A view of the Time Tree where Desmond Tutu and Kindoki 2 appear.

Ancient DNA in the Time Tree

There is also new content with time perspectives, such as ancient DNA from archaeological studies with carbon dates that anchor the ancient individuals to specific times in history.

Remote Oceania

Time Tree view of Y-DNA haplogroup O-F18855 which aligns well with the seaward expansion of Austronesian-speaking people and the first settlements of The Moana (remote Oceania) around 1500 BCE. Shown here are ancient individuals from Taiwan and Wallacea, Indonesia, as well as two distinct descendant groups in central and southern Oceania, including Samoa, Tōtaiete mā, Niue, Tonga, Fiji, and Aotearoa (New Zealand).
A view of the Time Tree with ancient individuals from the Remote Oceania.

Ötzi the Iceman

Ötzi the Iceman, from the Alps between Austria and Italy, who lived over 5,000 years ago, has paternal line relatives in present-day Brazil, Germany, United Kingdom, Ireland and Czech Republic, in addition to Italy, Pakistan and Saudi Arabia (not shown).
A view of the Time Tree where Ötzi the Iceman appears.

Oxford 4

Y-DNA haplogroup R-BY67003 represents the ancestor of Oxford 4 (VK166), a Dane Viking found in St John’s College, Oxford. He is believed to have been killed in the St Brice’s Day massacre on November 13, 1002 CE. His closest paternal line relatives are 3 Big Y customers with self-reported paternal line ancestry from England and the United States.
A view of the Time Tree where Oxford 4 appears.

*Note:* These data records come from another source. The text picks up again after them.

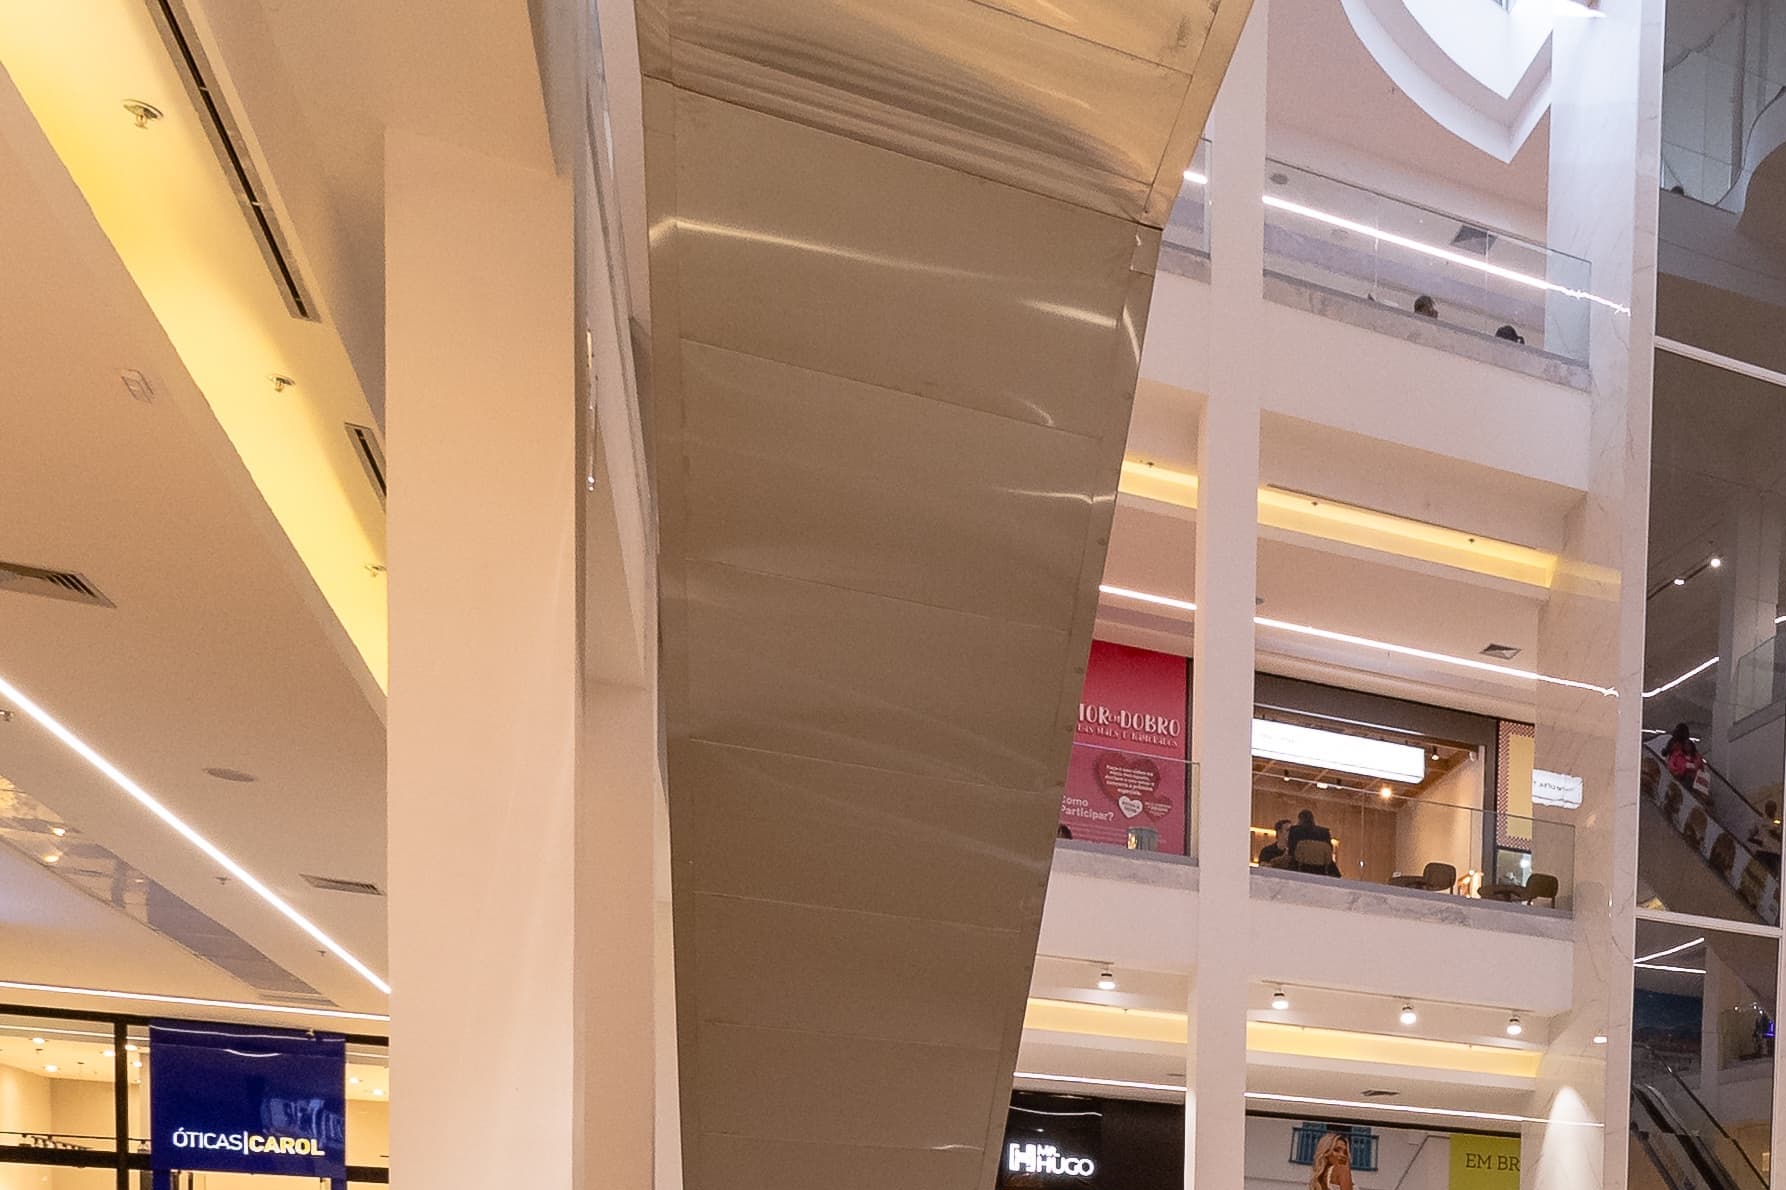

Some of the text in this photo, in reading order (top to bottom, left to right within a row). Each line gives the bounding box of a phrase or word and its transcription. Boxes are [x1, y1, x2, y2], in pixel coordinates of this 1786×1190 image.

[1120, 710, 1181, 737] DOBRO
[1037, 1156, 1095, 1176] HUGO
[1465, 1152, 1492, 1170] EM
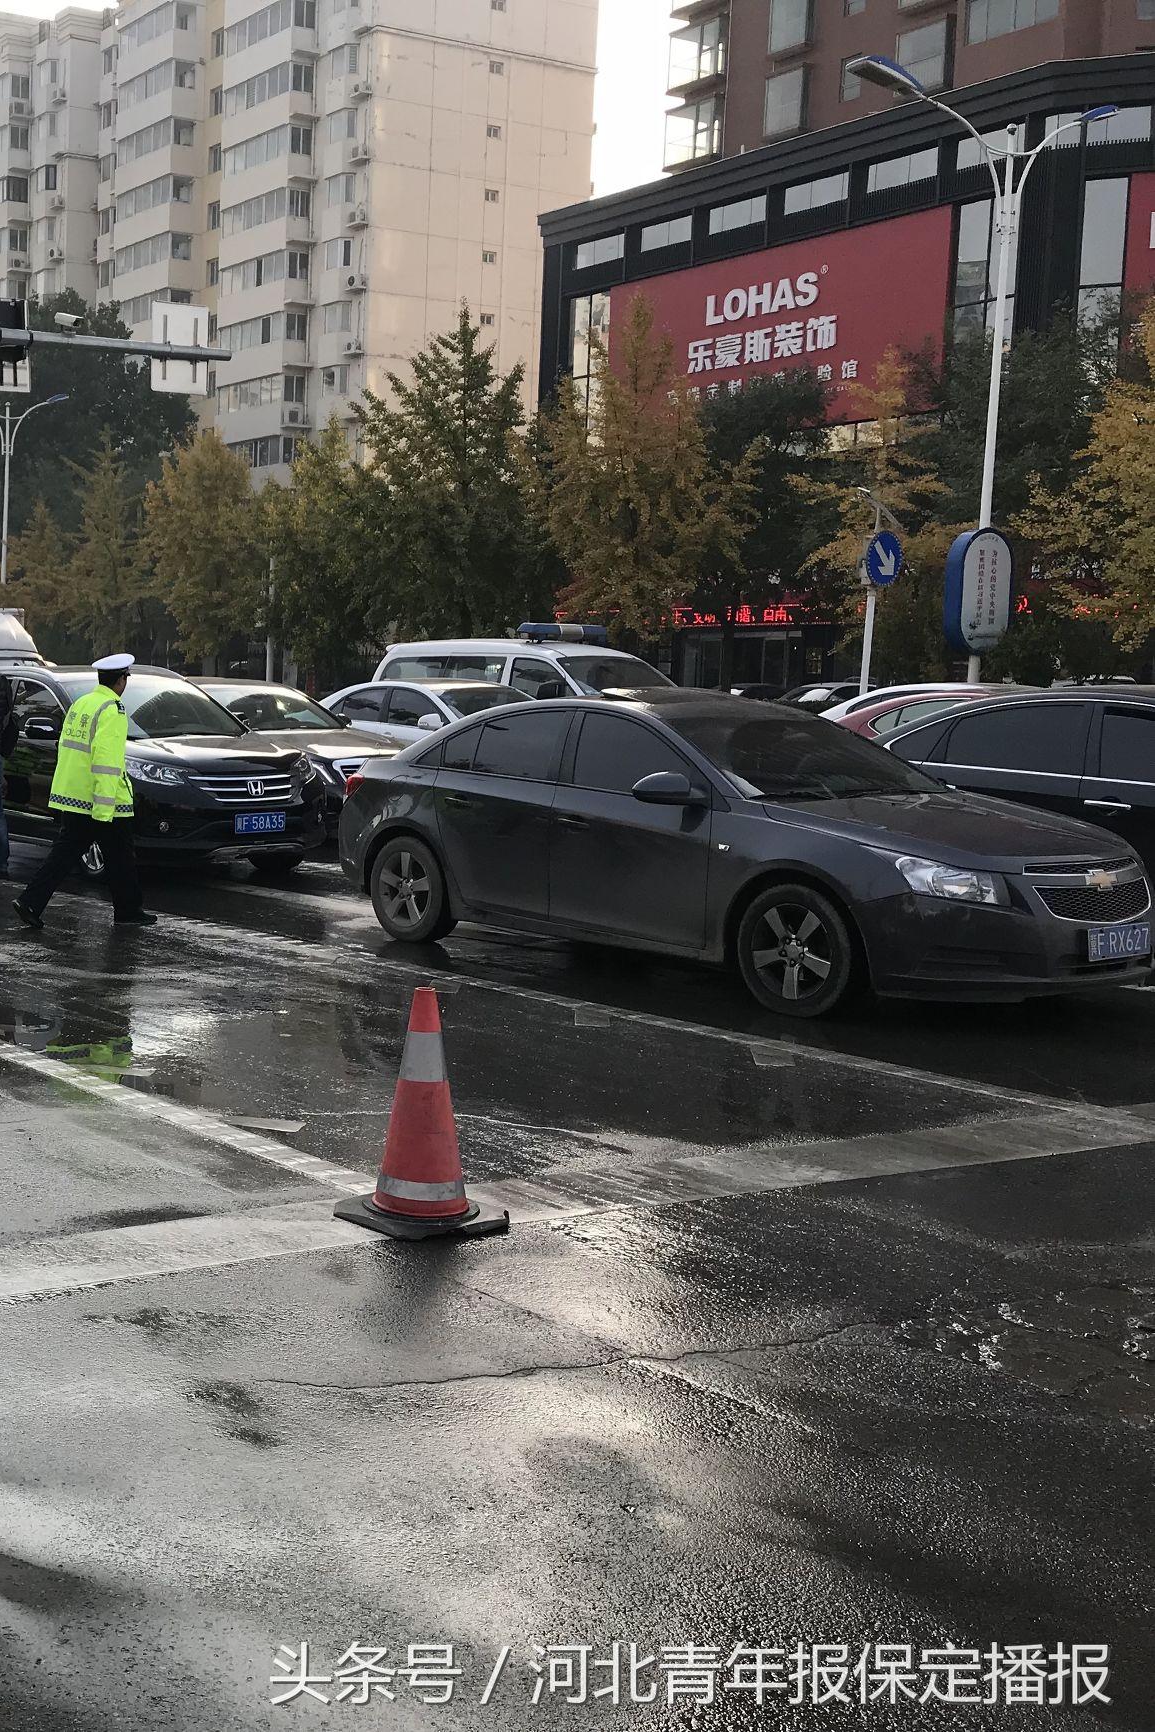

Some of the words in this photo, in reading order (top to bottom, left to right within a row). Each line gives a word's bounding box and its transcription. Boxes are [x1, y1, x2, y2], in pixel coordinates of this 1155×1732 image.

[705, 271, 820, 326] LOHAS
[687, 314, 838, 374] 乐豪斯装饰
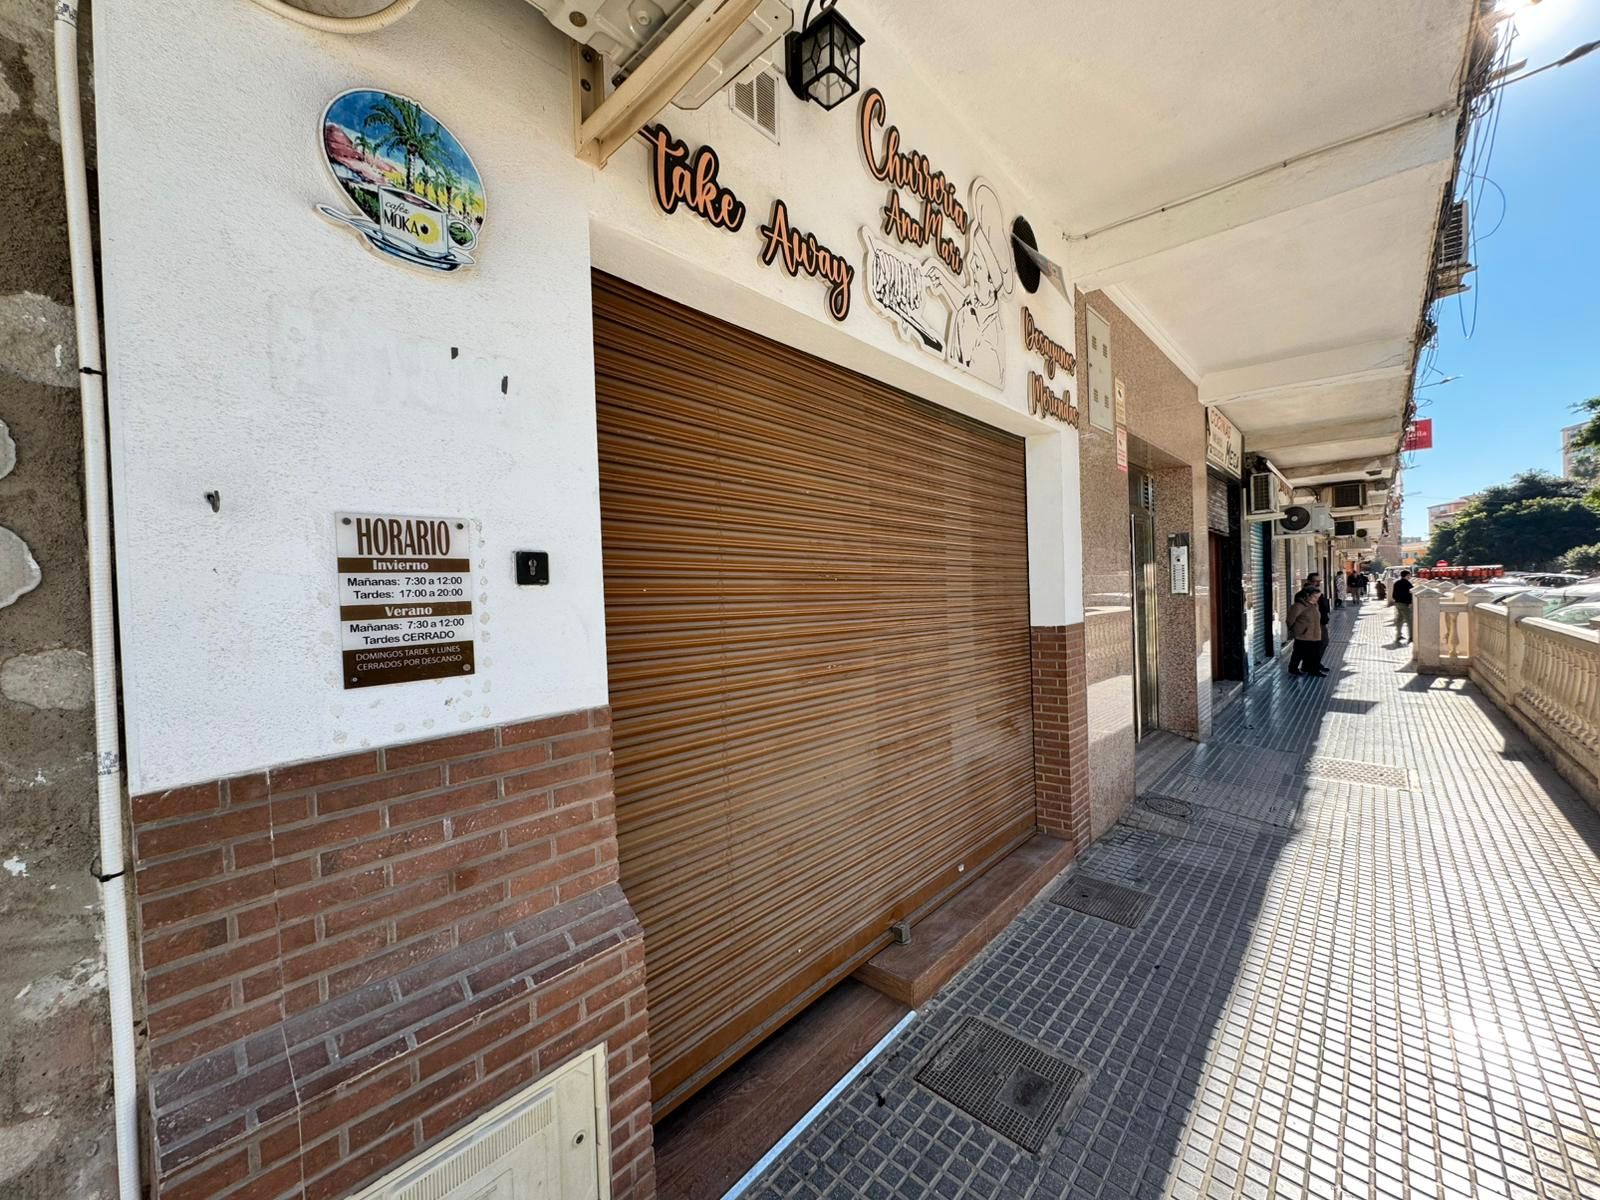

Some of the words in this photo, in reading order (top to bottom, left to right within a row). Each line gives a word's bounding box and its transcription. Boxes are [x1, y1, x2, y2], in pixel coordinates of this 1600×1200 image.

[861, 88, 967, 234] Churreria
[384, 209, 419, 237] MOKA
[884, 189, 923, 248] Ana
[923, 200, 963, 275] Mari
[761, 199, 854, 321] Away
[1024, 306, 1076, 380] Desayunos
[356, 517, 450, 556] HORARIO
[372, 559, 429, 571] Invierno
[347, 577, 400, 587] Mañanas:
[404, 576, 426, 586] 7:30
[437, 576, 463, 586] 12:00
[353, 590, 394, 600] Tardes:
[399, 589, 427, 598] 17:00
[437, 588, 463, 597] 20:00
[385, 606, 433, 617] Verano
[349, 623, 402, 634] Mañanas:
[407, 620, 429, 630] 7:30
[439, 618, 465, 628] 12:00
[362, 635, 400, 646] Tardes
[401, 630, 455, 642] CERRADO
[355, 650, 403, 662] DOMINGOS
[404, 647, 430, 657] TARDE
[430, 647, 435, 655] Y
[437, 645, 461, 653] LUNES
[356, 660, 402, 672] CERRADOS
[403, 657, 420, 666] POR
[421, 654, 462, 665] DESCANSO

FamilyTreeDNA Testers in the Time Tree

And last but not least, there is a great number of DNA testers, the leaves of the tree, spanning a hundred years of relatively recent birth dates.
A view of the Time Tree with current testers shown.

The Time Tree shows a genetic family tree of direct paternal lineages on a time scale. It shows how you are related to other people from the past and present and when your shared ancestors are estimated to have lived.

To get started, visit FamilyTreeDNA Discover!

Technical Details

  • The Discover reports are updated on a weekly basis, so it will take about a week before new test results, branches, ancient, and notable samples are visible on the Time Tree.
  • When you look at older haplogroups with many testers, Present-day Testers are automatically hidden because of display limitations. Ancient and Notable connections remain visible.
  • The Present-Day tester flag icons are positioned at the approximate birth year of the person, rounded to the nearest 25 years (roughly one generation). If the user has not specified a birth date, the Time Tree defaults to the year 1950. You can configure the birth year in your FamilyTreeDNA Account Settings. Specifying your birth year can also help improve the TMRCA estimates.